“Sarvathaari”- dawns April 13th, 2008

by Dushiyanthini Kanagasabapathipillai

“Puththaandu” or “Puthu Varusham” literally translates New Year. The New Year is the harbinger of spring. Tamil and Sinhala New Year dawns on April 13th 2008 at 4.55 pm according to Vaakkiya Panchaangam, and at 6.29 pm according to Thirukanitha Panchaangam on Poosam Natchaththiram first stage. Vishu Punniya Kaalam or auspicious time is 12.55 pm to 8.55pm. Panchaangam is an almanac.

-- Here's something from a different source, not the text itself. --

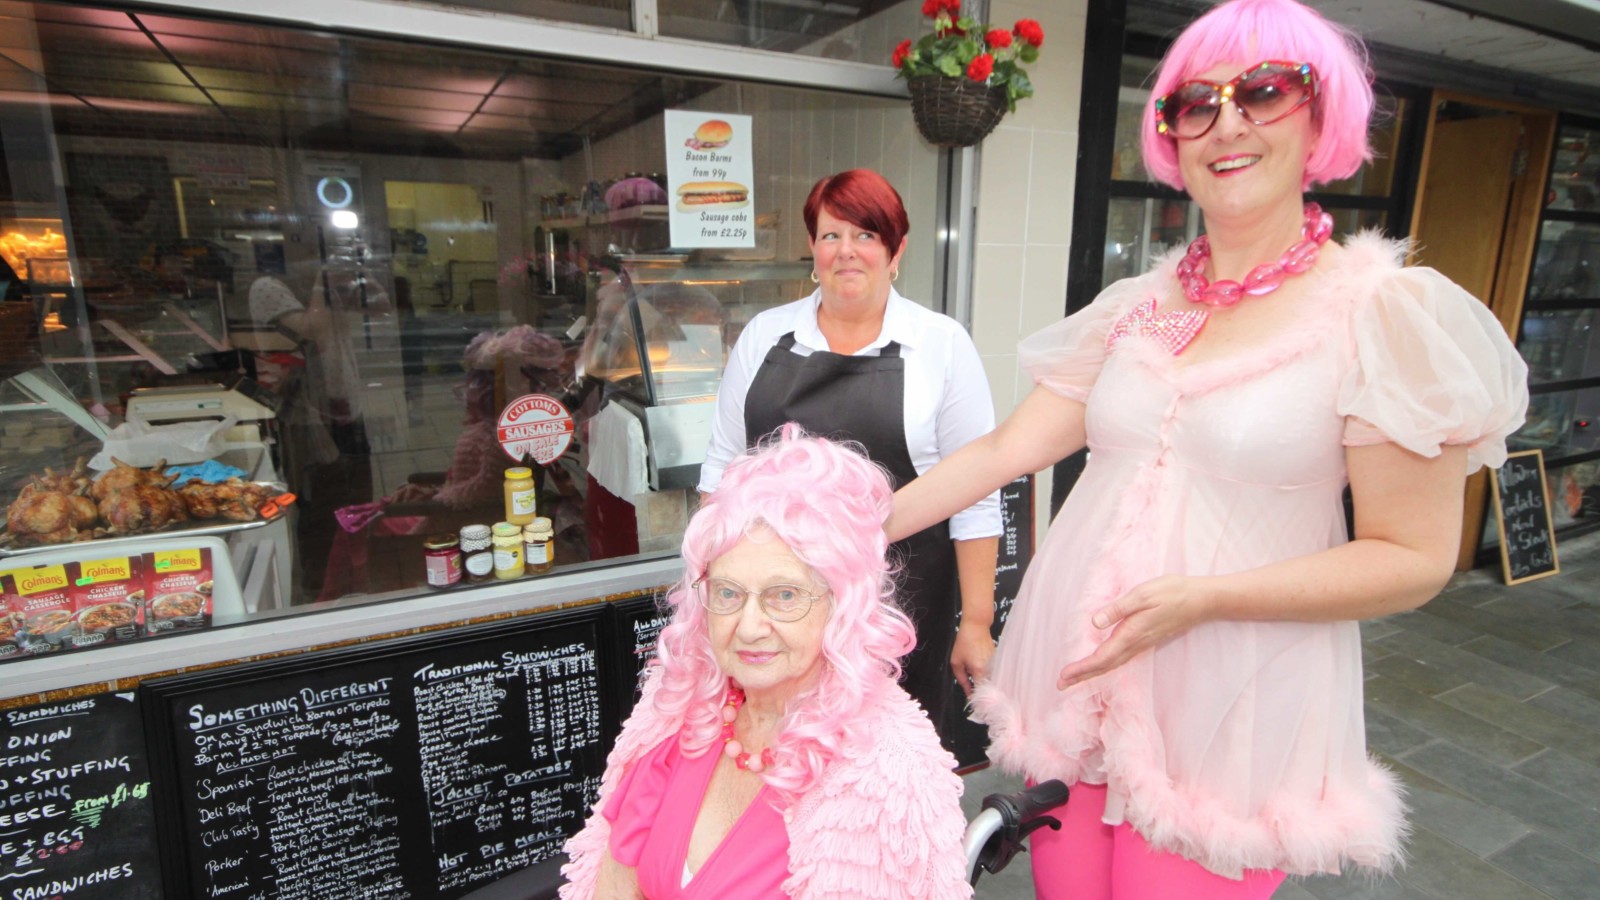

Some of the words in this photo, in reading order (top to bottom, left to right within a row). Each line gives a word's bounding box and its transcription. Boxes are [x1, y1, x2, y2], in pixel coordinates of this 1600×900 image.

The auspicious colour for this year is red silk or red and green colour mixed silk. And the auspicious stone is gem or emerald. The New Year will be called “Sarvathaari”. This is the 22nd year of the 60 year cycle of the Tamil calendar. There are twelve astronomically ordained houses. They are:

1. Meda Veedu
2. Idaba Veedu
3. Mithuna Veedu
4. Kataka Veedu
5. Singa Veedu
6. Kanni Veedu
7. Thula Veedu
8. Virutchika Veedu
9. Thanu Veedu
10. Makara Veedu
11. Kumba Veedu
12. Meena Veedu

The Sun moves into the Meda Veedu (Aries) from Meena Veedu (Pisces), which falls in Mid April is celebrated as the Tamil New Year. It’s the commencement of the Tamil month Chiththirai . April is the month of reveal and revelry. It’s an auspicious month for the Tamils. Feasts, fasts, festivals and family events are scheduled during the month of “Chiththirai”.The New Year falls during the “Ilavenil Kaalam” or spring time for the Tamils. It’s also noted that, the birds begin to hum, flowers bloom and trees with fresh green leaves during the spring time. The Sun travels from Meda Veedu and stays in other houses respectively throughout twelve months. The whole journey through each house takes one year.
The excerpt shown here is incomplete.